Leo Stokley died Sunday,‭ ‬Nov.‭ ‬4‭ ‬at the Waters of Cheatham in Ashland City.‭ ‬The Murfreesboro man was‭ ‬69.

According to his obituary posted by Boyd Funeral Home,‭ ‬Stokley was born June‭ ‬5,‭ ‬1949‭ ‬in Greenville,‭ ‬South Carolina.‭ ‬He served in the United States Marine Corps and did a tour in Vietnam. He was buried with military honors Friday morning at the Middle Tennessee Veterans Cemetery in Pegram.

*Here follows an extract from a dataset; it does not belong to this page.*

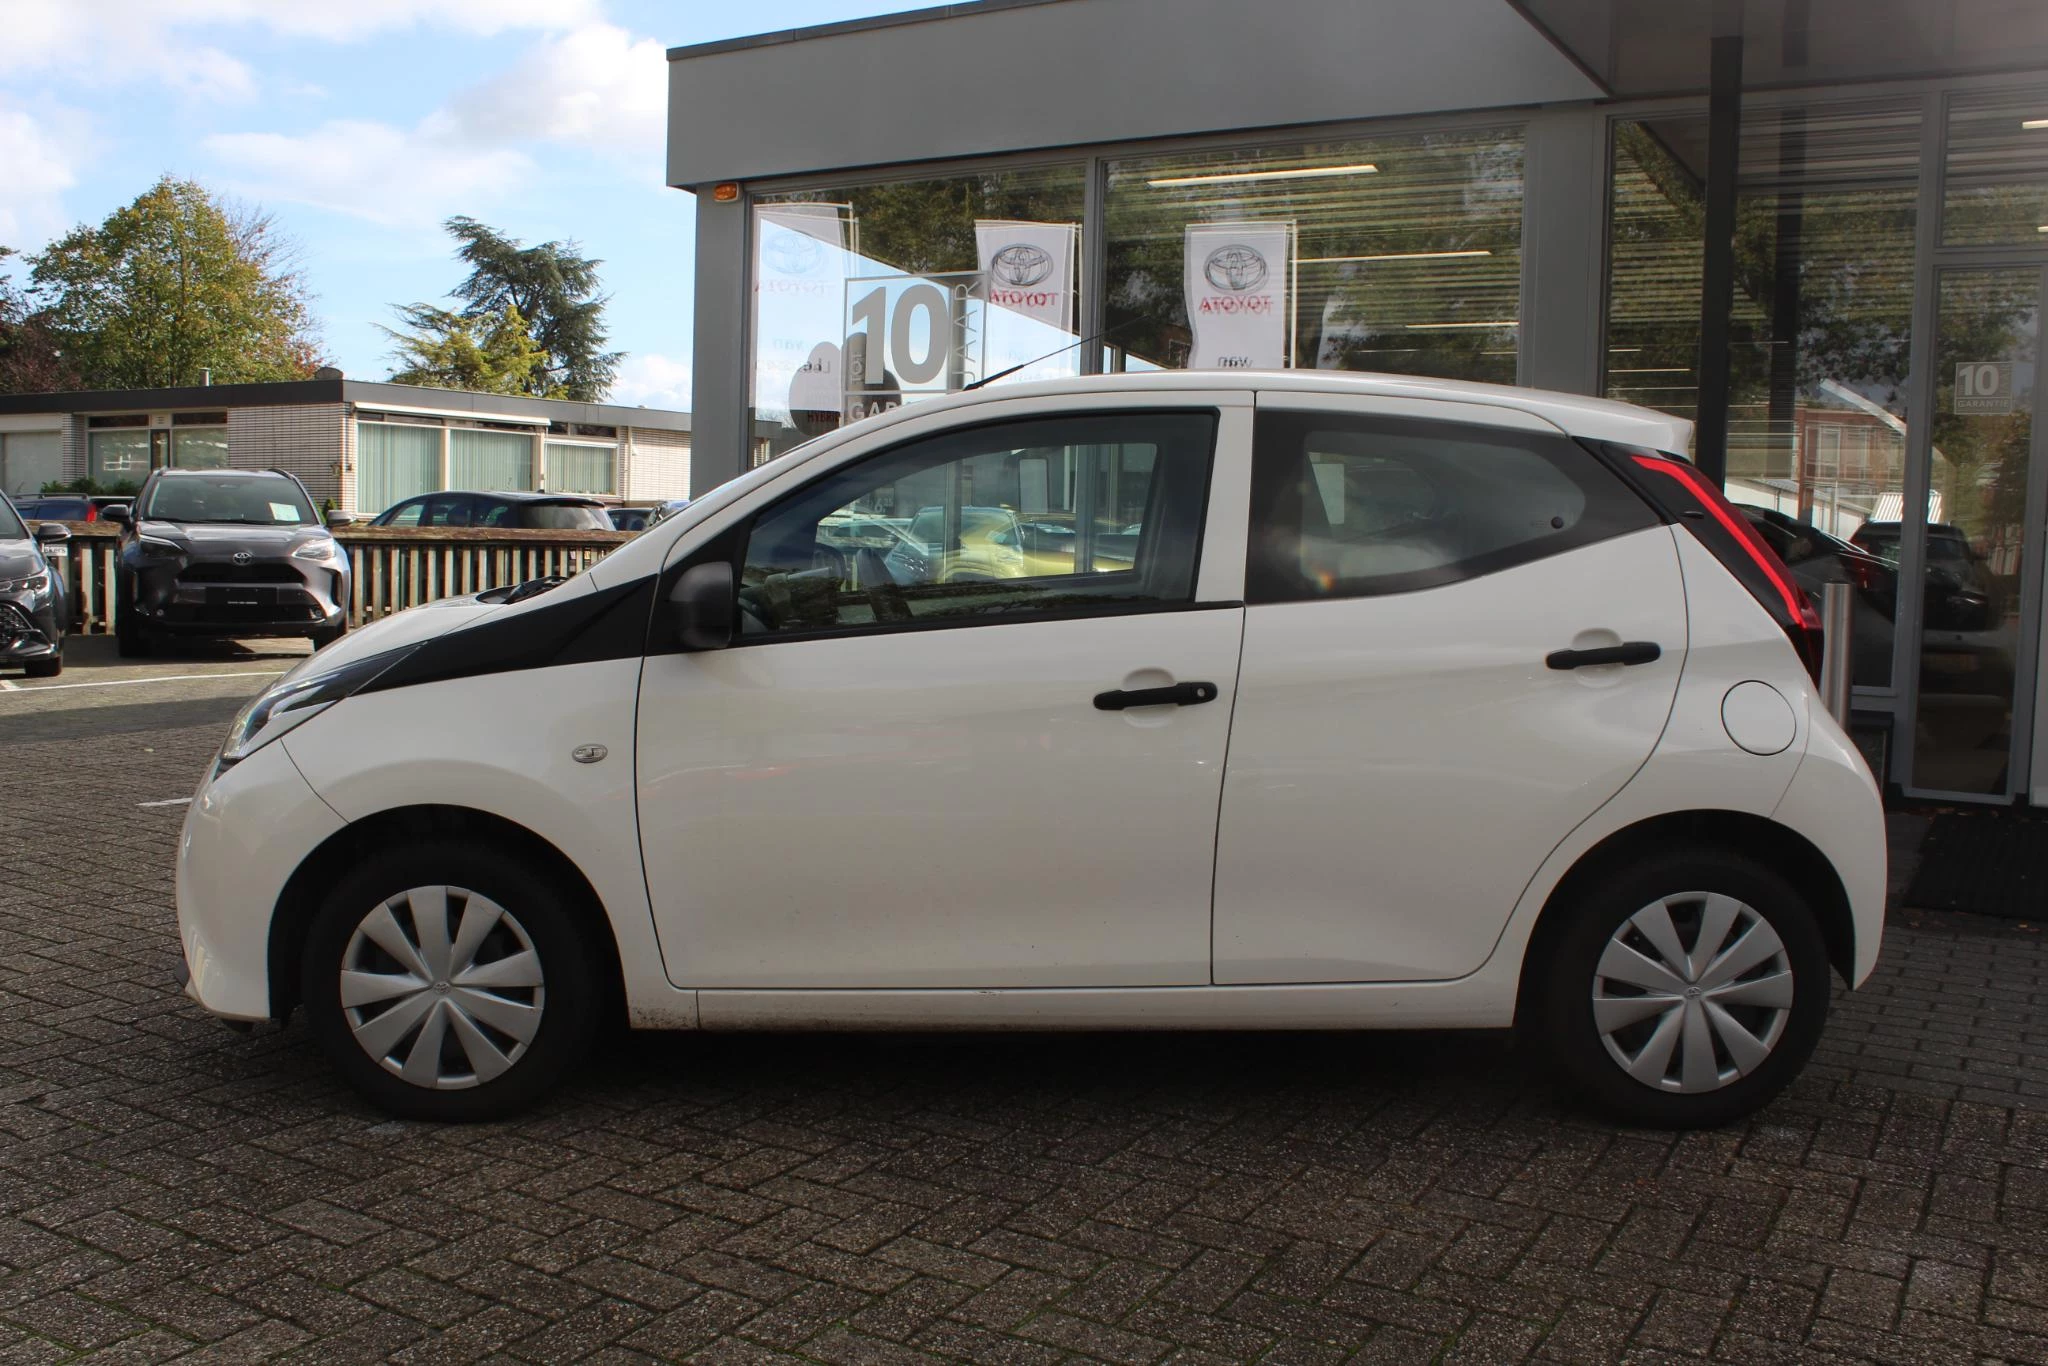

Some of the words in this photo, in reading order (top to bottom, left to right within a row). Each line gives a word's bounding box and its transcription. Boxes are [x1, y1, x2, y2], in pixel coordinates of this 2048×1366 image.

[852, 284, 948, 385] 10
[952, 281, 980, 383] JAAR
[1958, 400, 2009, 408] GARANTIE
[1959, 365, 1999, 395] 10

That’s about all many people knew of Stokley when they arrived at the cemetery Friday.

Bob Counter of the Cheatham County Veterans Service Office said that as he and his staff filtered through paperwork so Stokley could be buried with military honors,‭ ‬they learned that Stokley is considered an‭ “‬unclaimed‭” ‬veteran.

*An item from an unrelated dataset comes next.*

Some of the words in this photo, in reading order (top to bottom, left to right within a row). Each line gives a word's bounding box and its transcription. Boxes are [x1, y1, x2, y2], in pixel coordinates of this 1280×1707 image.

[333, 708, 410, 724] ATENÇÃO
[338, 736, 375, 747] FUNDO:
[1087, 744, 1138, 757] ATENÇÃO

‭“‬When we found out that he was considered an unclaimed veteran,‭ ‬which means he has no family,‭ ‬we wanted to make sure that he got claimed,‭” ‬Counter explained.

He posted Stokley’s obituary to the Cheatham County Veterans Service office Facebook page,‭ ‬along with a call for‭ “‬Team Cheatham,‭ ‬and especially our veterans‭” ‬to pay their respects to the unclaimed veteran at the cemetery on Friday.

 The post garnered‭ ‬47‭ ‬shares in about two days.‭ ‬Counter said others also posted about Stokley and shared their own calls,‭ ‬and through the‭ “‬power of social media,‭” ‬a crowd of supporters‭ — ‬including fellow military members‭ — ‬arrived at the cemetery.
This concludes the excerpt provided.